======== TASK DATA ========
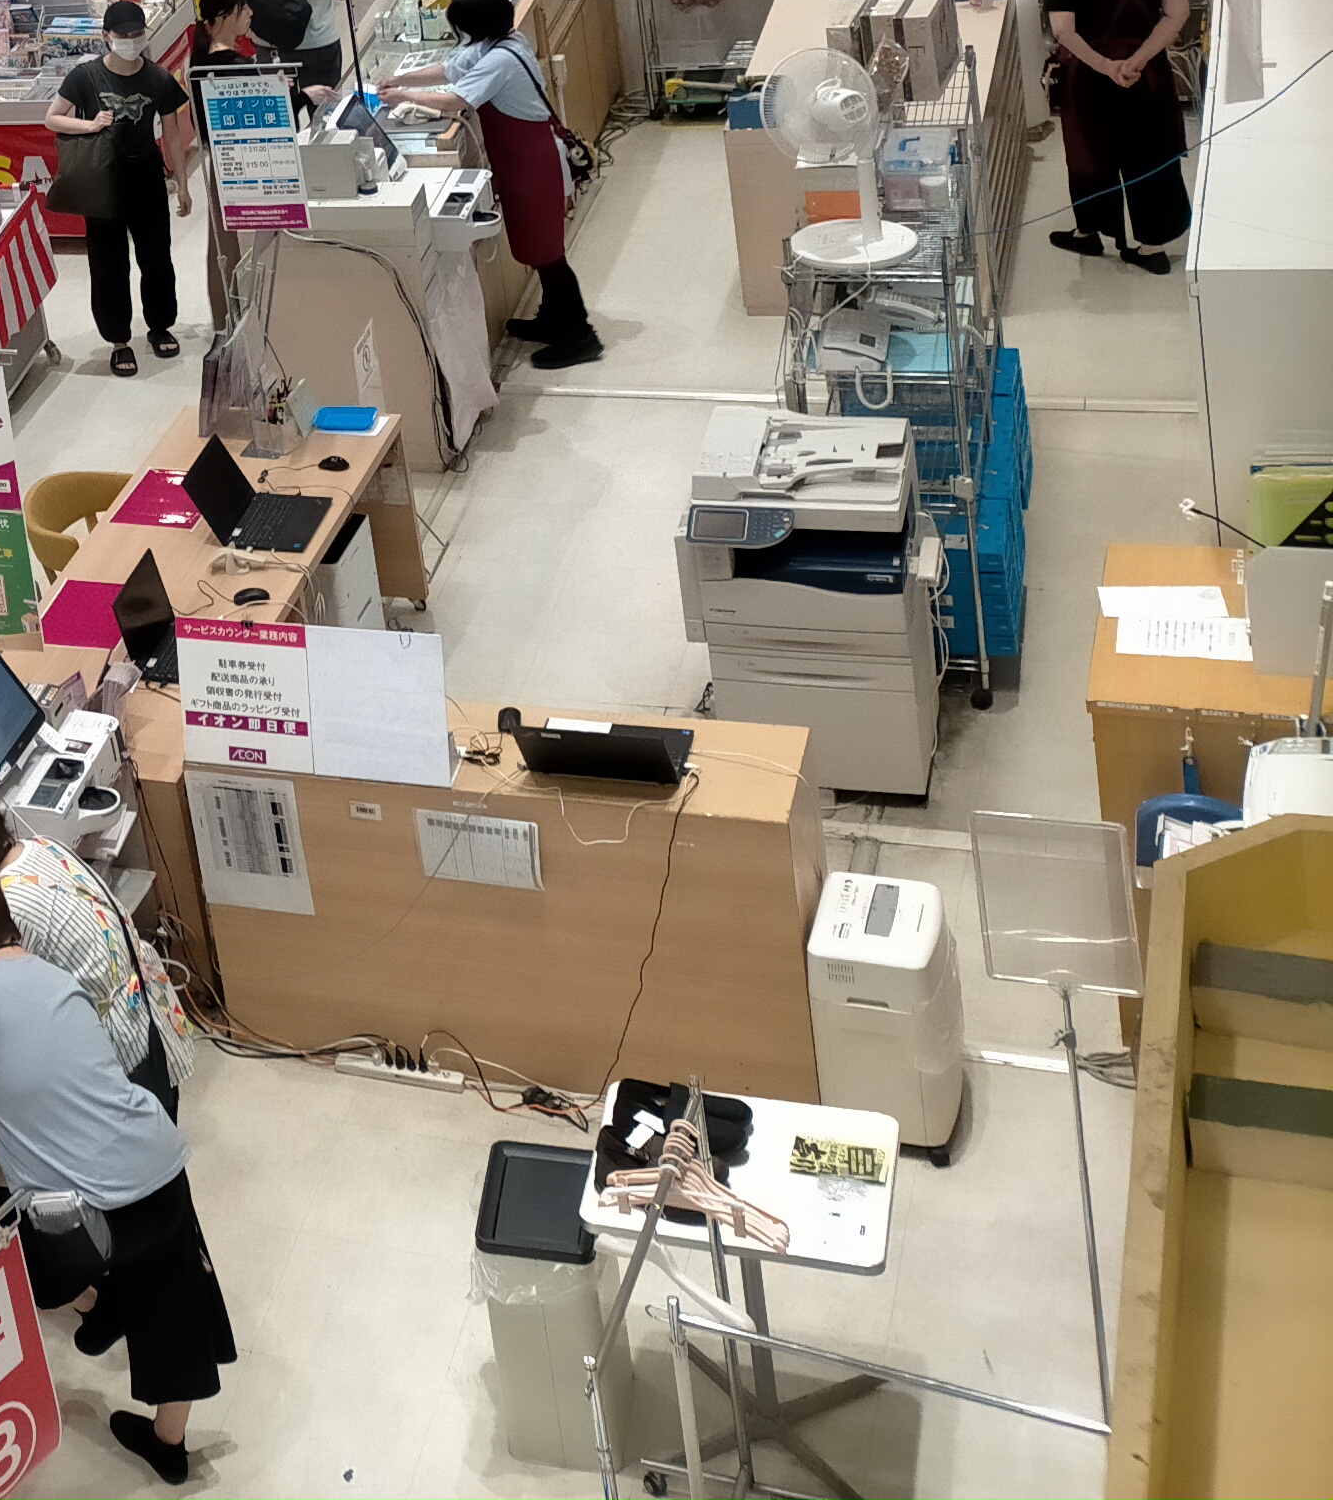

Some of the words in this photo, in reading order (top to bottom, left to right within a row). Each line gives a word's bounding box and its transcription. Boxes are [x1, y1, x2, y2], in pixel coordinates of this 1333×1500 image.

[221, 98, 275, 109] イオンの
[222, 112, 277, 127] 即日便
[183, 623, 298, 644] サービスカウンター業務内容
[218, 658, 267, 673] 駐車券受付
[210, 671, 276, 687] 配送商品の承り
[205, 685, 283, 703] 領収書の発行受付
[190, 698, 301, 719] ギフト商品のラッピング受付
[197, 713, 298, 735] イオン即日便
[231, 748, 265, 763] AEON
========
Pictures aren't part of the copy; return each record above exactly.

ANSWER FOR THIS EXERCISE –
Some of the words in this photo, in reading order (top to bottom, left to right within a row). Each line gives a word's bounding box and its transcription. Boxes are [x1, y1, x2, y2], in pixel coordinates of this 1333×1500 image.

[221, 98, 275, 109] イオンの
[222, 112, 277, 127] 即日便
[183, 623, 298, 644] サービスカウンター業務内容
[218, 658, 267, 673] 駐車券受付
[210, 671, 276, 687] 配送商品の承り
[205, 685, 283, 703] 領収書の発行受付
[190, 698, 301, 719] ギフト商品のラッピング受付
[197, 713, 298, 735] イオン即日便
[231, 748, 265, 763] AEON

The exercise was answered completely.